Data section:
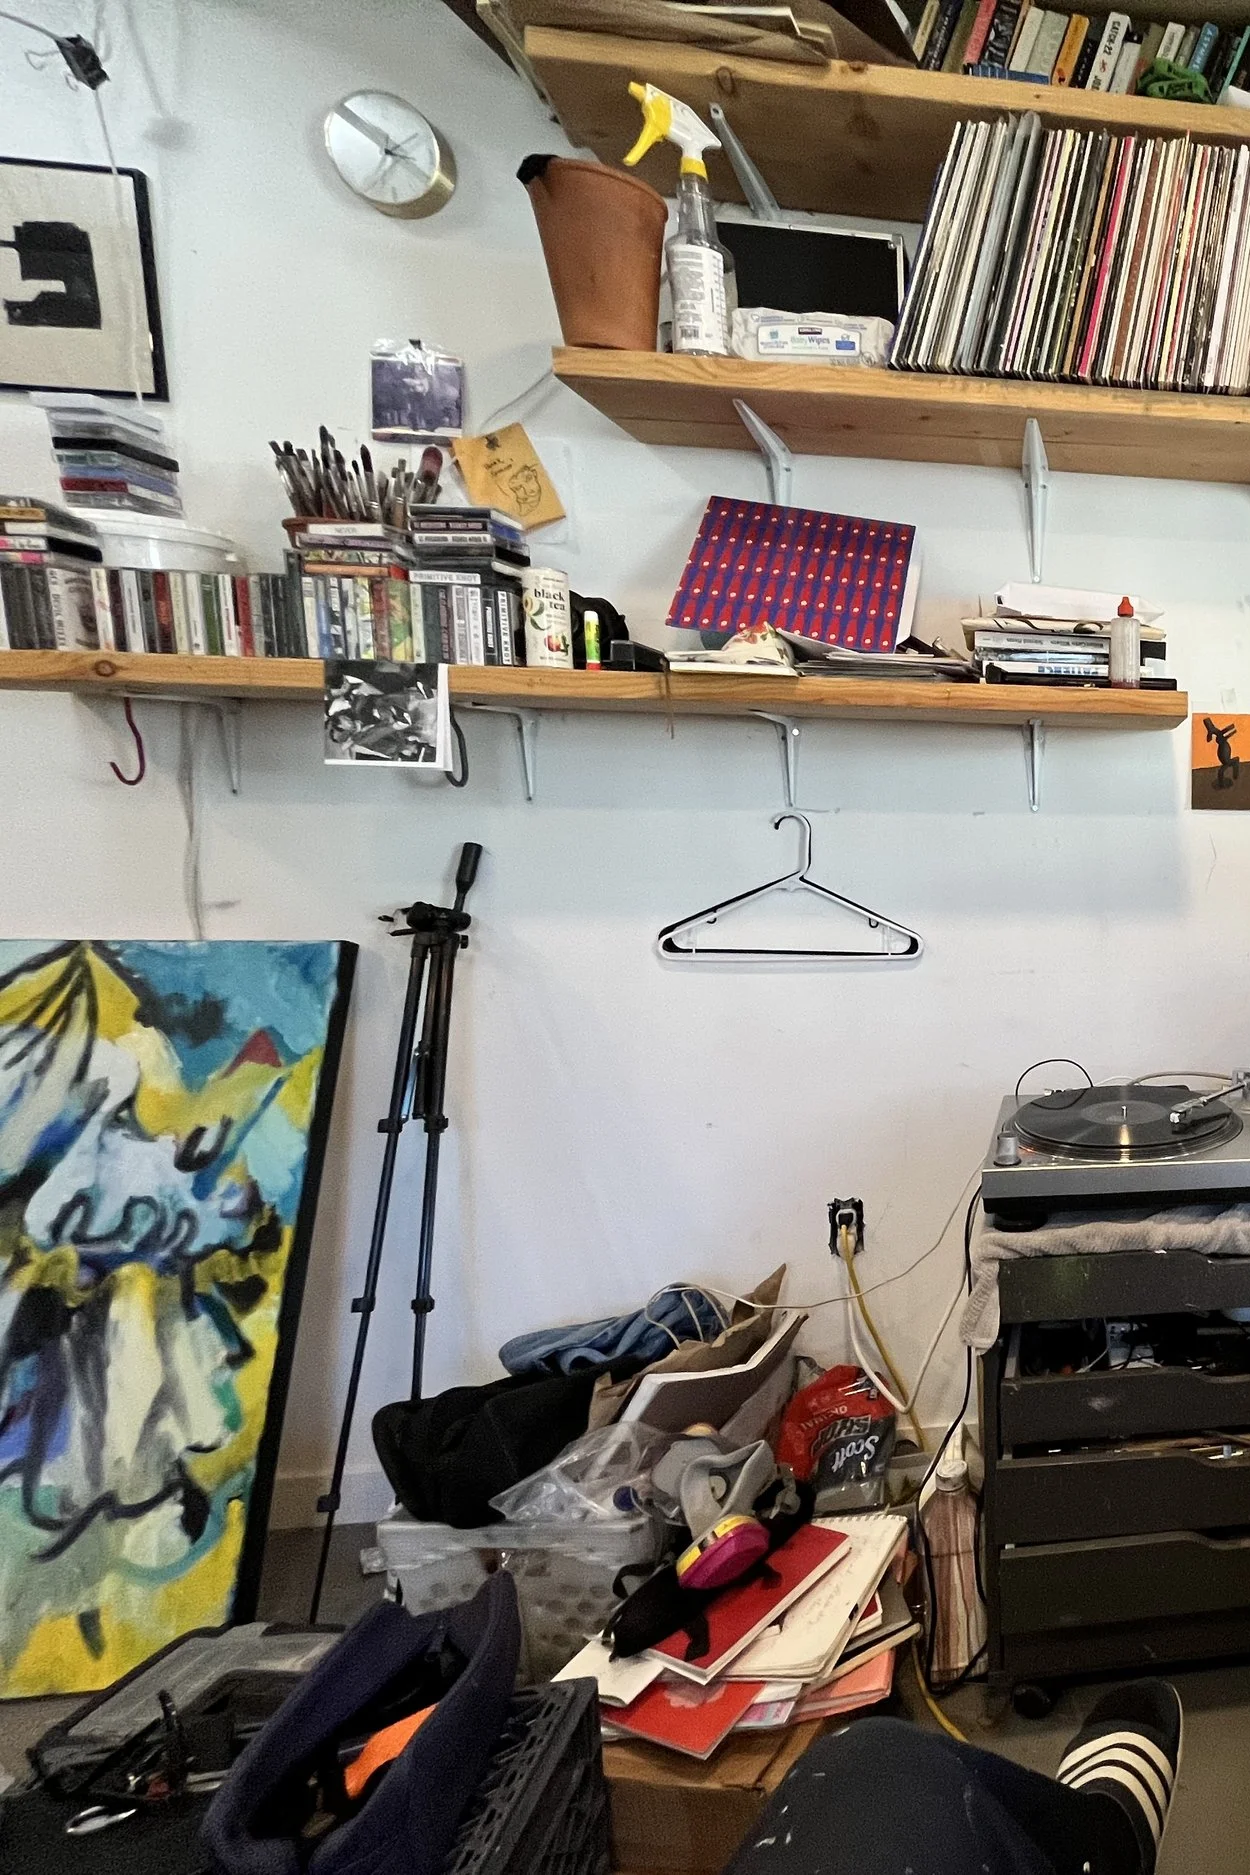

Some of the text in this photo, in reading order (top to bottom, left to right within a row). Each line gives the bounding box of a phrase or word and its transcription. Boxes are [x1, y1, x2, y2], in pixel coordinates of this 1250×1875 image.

[1101, 20, 1121, 56] CATCH-22
[808, 336, 830, 345] Wipes
[534, 588, 565, 601] black
[549, 601, 566, 611] tea
[499, 592, 512, 663] PRIMITIVE KNOT
[831, 1435, 880, 1473] Scott

Assignment: Every line of the listing above is to be repeated exactly, with its pictures left out.

Task response:
Some of the text in this photo, in reading order (top to bottom, left to right within a row). Each line gives the bounding box of a phrase or word and its transcription. Boxes are [x1, y1, x2, y2], in pixel coordinates of this 1250×1875 image.

[1101, 20, 1121, 56] CATCH-22
[808, 336, 830, 345] Wipes
[534, 588, 565, 601] black
[549, 601, 566, 611] tea
[499, 592, 512, 663] PRIMITIVE KNOT
[831, 1435, 880, 1473] Scott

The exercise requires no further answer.